▶ PROMPT: Set every line of the data down again exactly, and keep the pictures out.

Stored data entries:
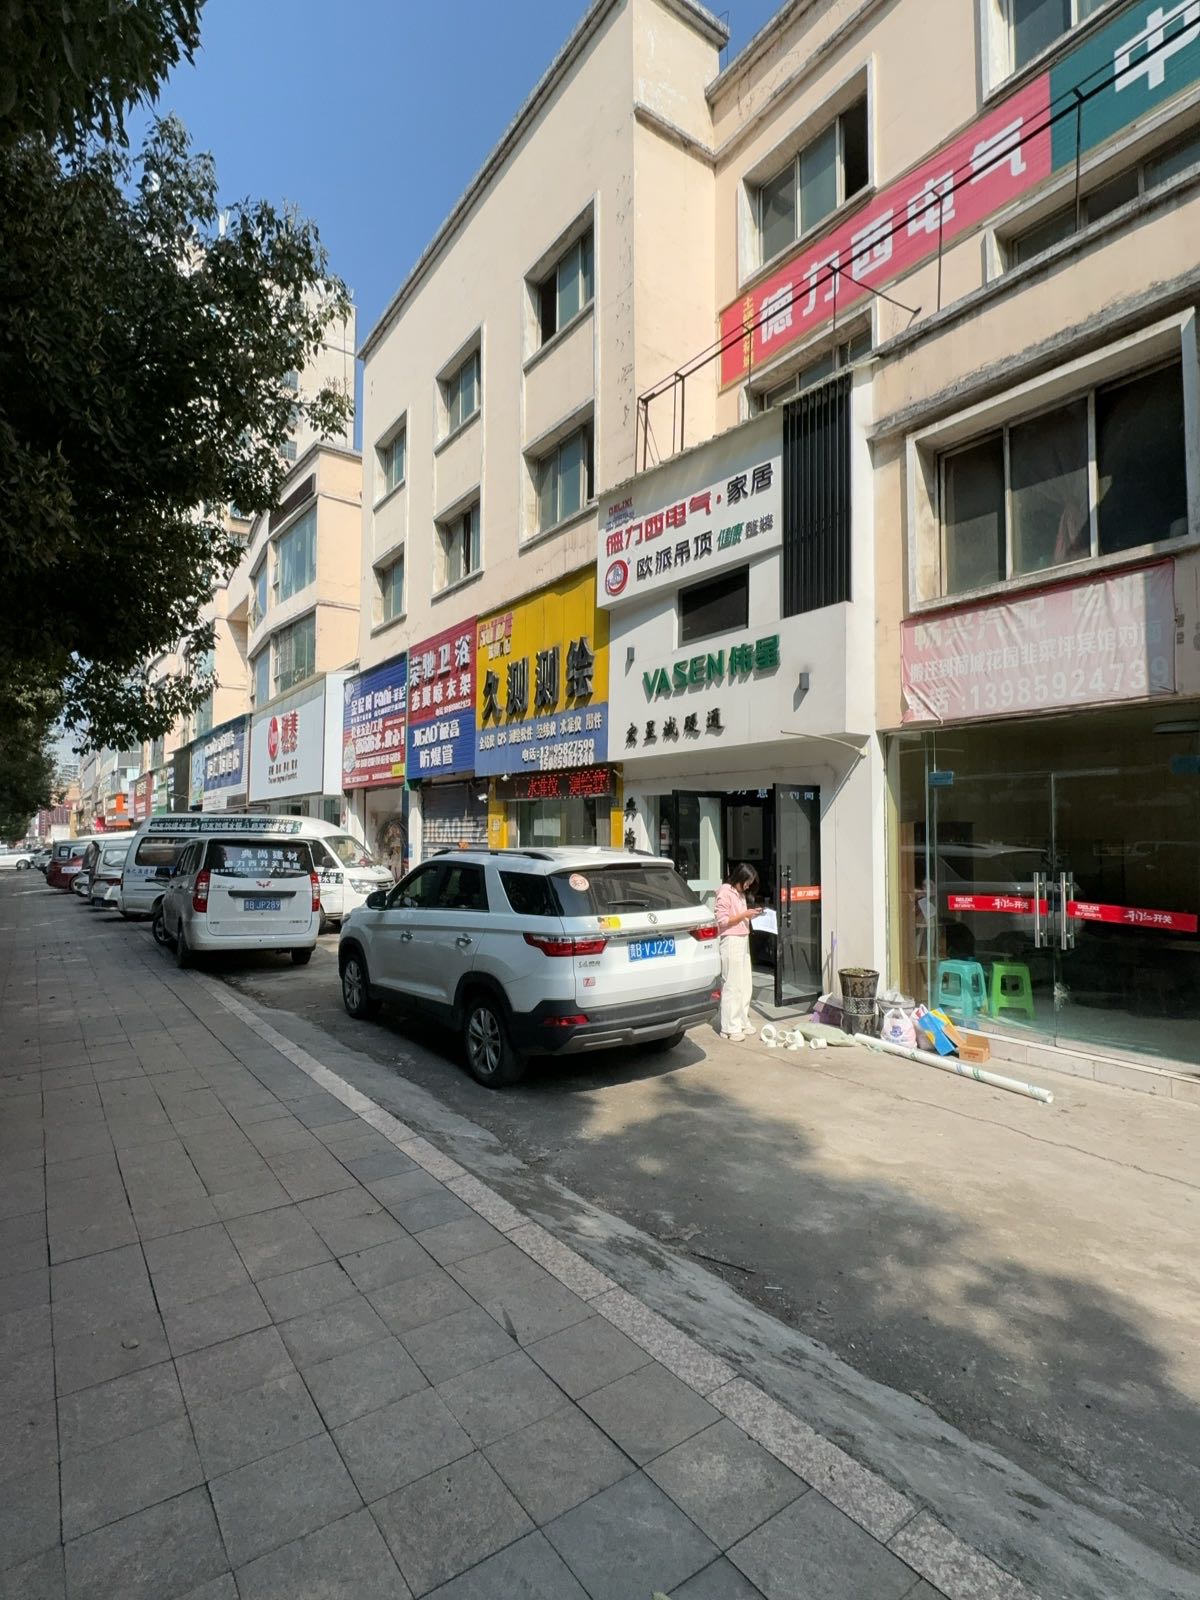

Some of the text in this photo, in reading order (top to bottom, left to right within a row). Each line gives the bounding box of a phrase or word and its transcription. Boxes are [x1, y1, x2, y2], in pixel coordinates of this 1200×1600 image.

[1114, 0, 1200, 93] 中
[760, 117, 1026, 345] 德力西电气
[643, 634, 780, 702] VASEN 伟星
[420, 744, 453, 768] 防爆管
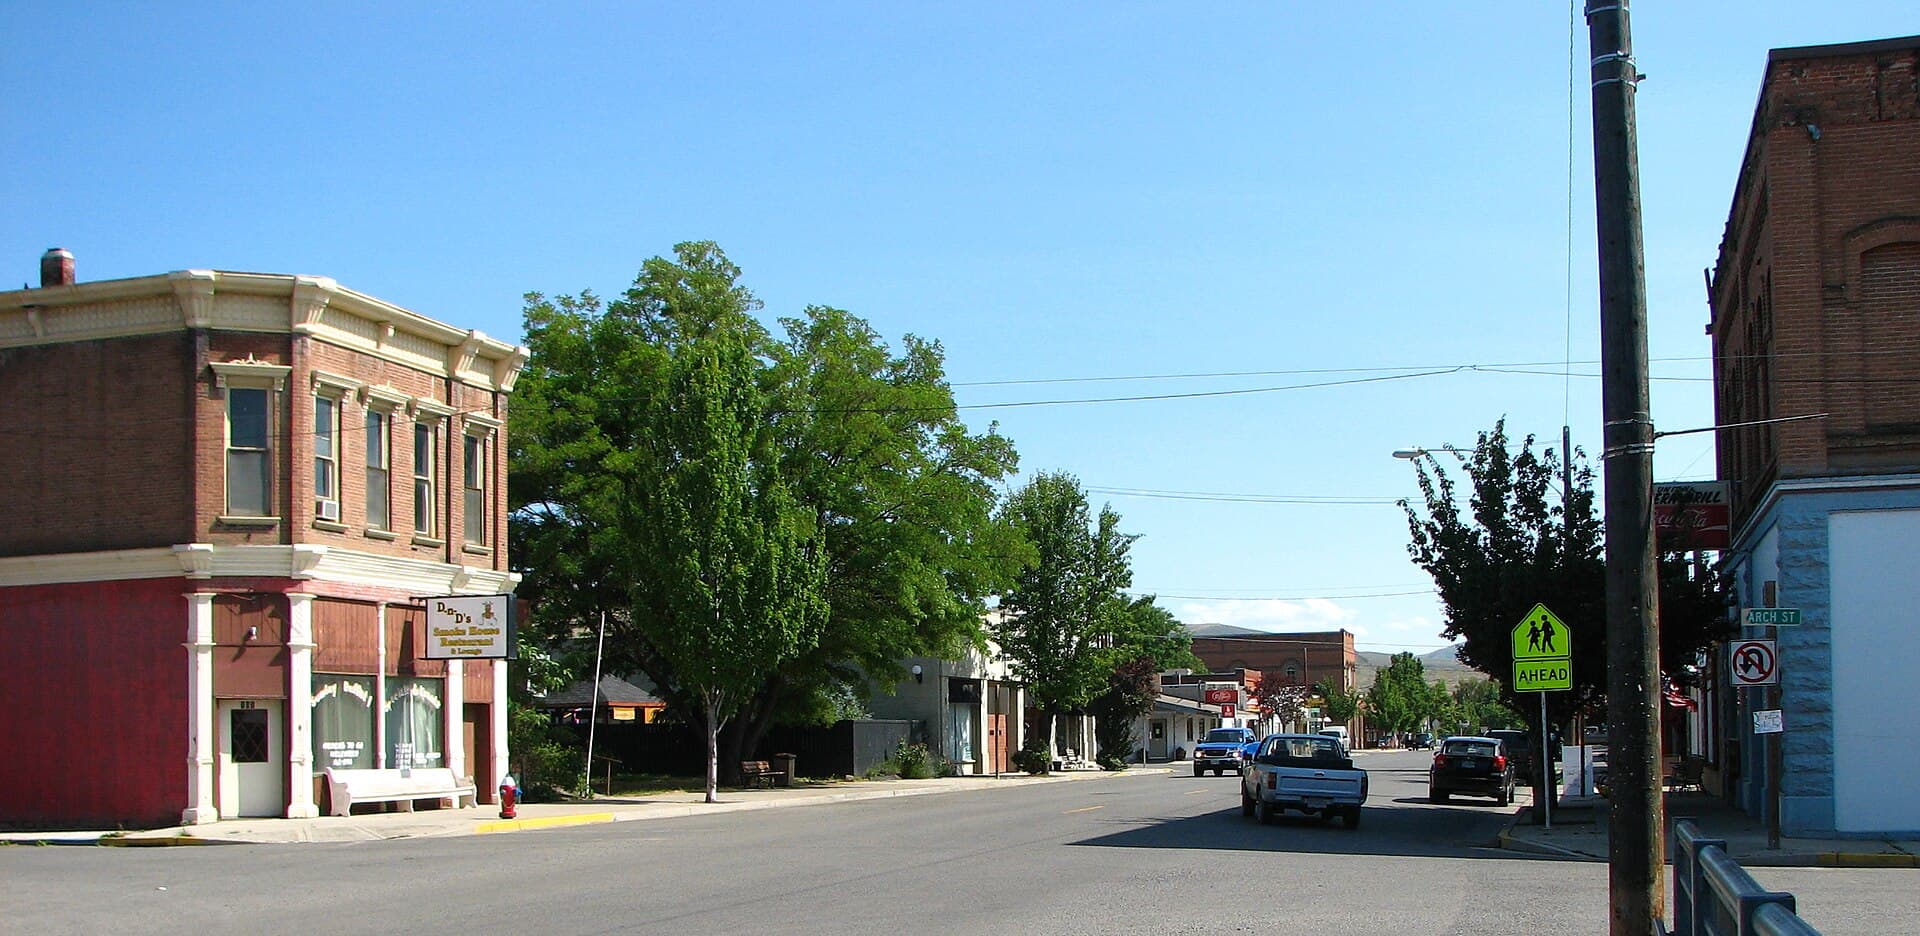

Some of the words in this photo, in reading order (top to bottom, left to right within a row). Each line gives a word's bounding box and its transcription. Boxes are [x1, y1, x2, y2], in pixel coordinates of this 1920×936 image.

▶ FINISHED EXERCISE:
Some of the text in this photo, in reading order (top to bottom, left to right within a row). Each line gives the bounding box of a phrase or word and its transcription. Boxes are [x1, y1, x2, y2], in pixel coordinates of this 1200×1600 image.

[1114, 0, 1200, 93] 中
[760, 117, 1026, 345] 德力西电气
[643, 634, 780, 702] VASEN 伟星
[420, 744, 453, 768] 防爆管

Some of the words in this photo, in reading order (top to bottom, left to right within a row). Each line gives a word's bounding box and its transcription. Boxes are [x1, y1, x2, y2], in pixel coordinates of this 1920×936 image.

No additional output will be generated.